In this article we'll talk about how we can use an Apache CVE-2013-1862 vulnerability to issue an escape sequence attack. The most common terminals used in the old days were the following.

  • VT52: a CRT computer terminal build by Digital Equipment Corporation (DEC) in 1974 and is presented on the picture below. It supported 95 ASCII characters, 32 graphic characters and bi-directional scrolling [3].

    escape1

  • VT100: is a terminal build by Digital Equipment Corporation (DEC) in 1978, which had additional graphical features like: blinking, bold text, underlining, etc [2]. The VT100 is primarily being emulated by most terminal emulators nowdays. It supports ANSI escape codes described later in the article.

    escape2

  • VT220: is a terminal build by Digital Equipment Corporation (DEC) in 1983, which used a much faster microprocessor at a time and supported 8-bit character set.

    escape3

In the table below we can see the capabilities of most used terminal emulators that we can choose from today.

escape4

Terminal emulators usually support escape sequences that abide to the terminal control sequence standards like: ECMA-48, ANSI X3.64 or ISO/IEC 6429. ANSI escape code or escape sequence is a way of sending metadata and control information to the terminal by using the same communication channel by specifically encoding special characters.
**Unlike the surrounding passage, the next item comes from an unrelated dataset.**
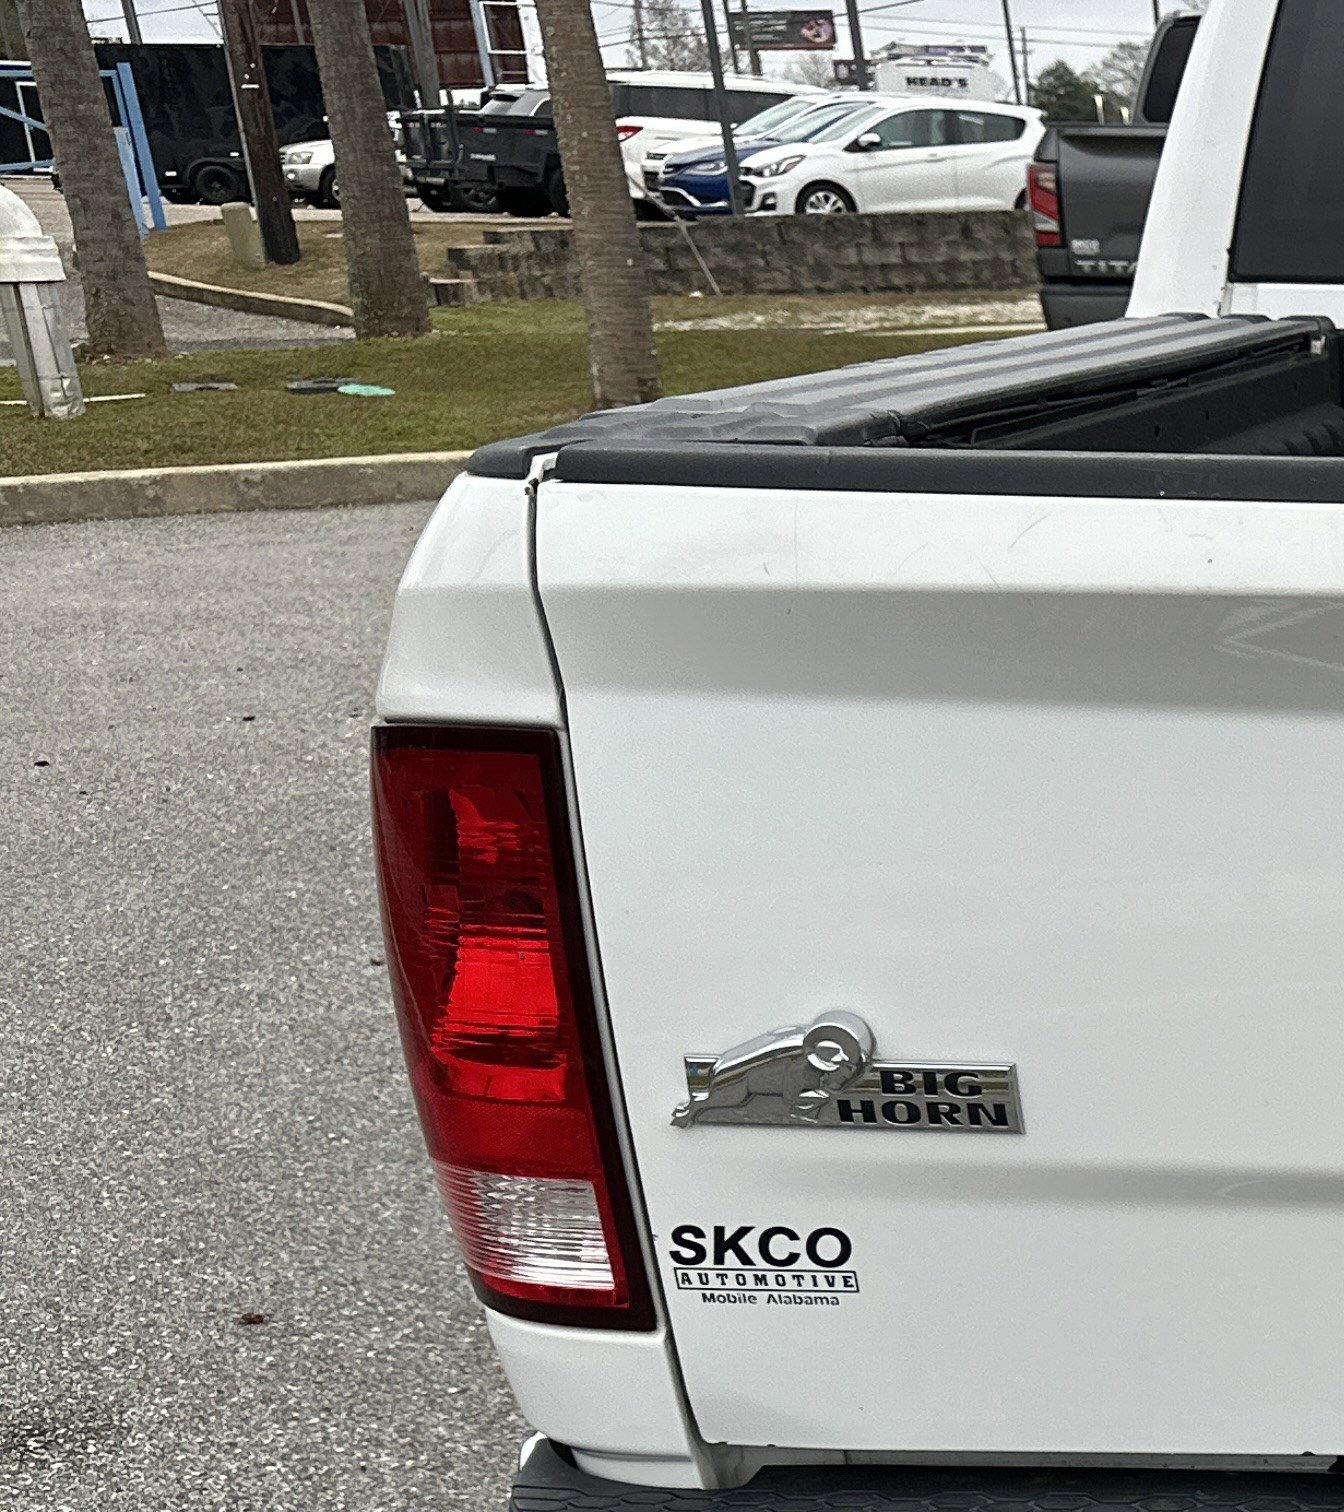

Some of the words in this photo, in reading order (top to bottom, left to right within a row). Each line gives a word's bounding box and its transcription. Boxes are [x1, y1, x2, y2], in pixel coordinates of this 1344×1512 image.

Since only one communication channel is available, the only thing we can do is print text to the screen and there's no way to actually support anything else. In such cases escape sequences are very useful, because they allow us to mark certain characters as being a command, while the rest of the characters is data.

Many programs use escape sequences directly to introduce different functionality like changing the color of the important text to red. In reality, programs should not emit terminal escape sequences manually, but should rather use ncurses, tput or reset utilities.

Linux terminal controls can be used for calling special functionality in the terminal by using control characters. Character encoding is primarily used to represent printable characters in the screen, but special characters used for presenting additional information about the text are supported – such additional information is the position of the text, a message beep indicating the text has been received, etc [10].

Escape Sequences

The escape characters are used to support different features like formatting, color change, cursor position, reconfigure the keyboard, update the window title, etc. The encoding works by using a specific sequence of bytes, which are embedded directly into the text stream, but are handled specially by the terminal. There are a different set of escape sequences that was supported by hardware terminals in the old days or is supported by terminal emulators nowdays – we have to look up whether an escape sequence is supported by specific terminal in order to use it.

Today, most terminal emulators interpret at least some of the ANSI escape sequences, which can be generated by a wide range of console programs like: grep, sed, awk, cat, tail, less, more, emacs, etc.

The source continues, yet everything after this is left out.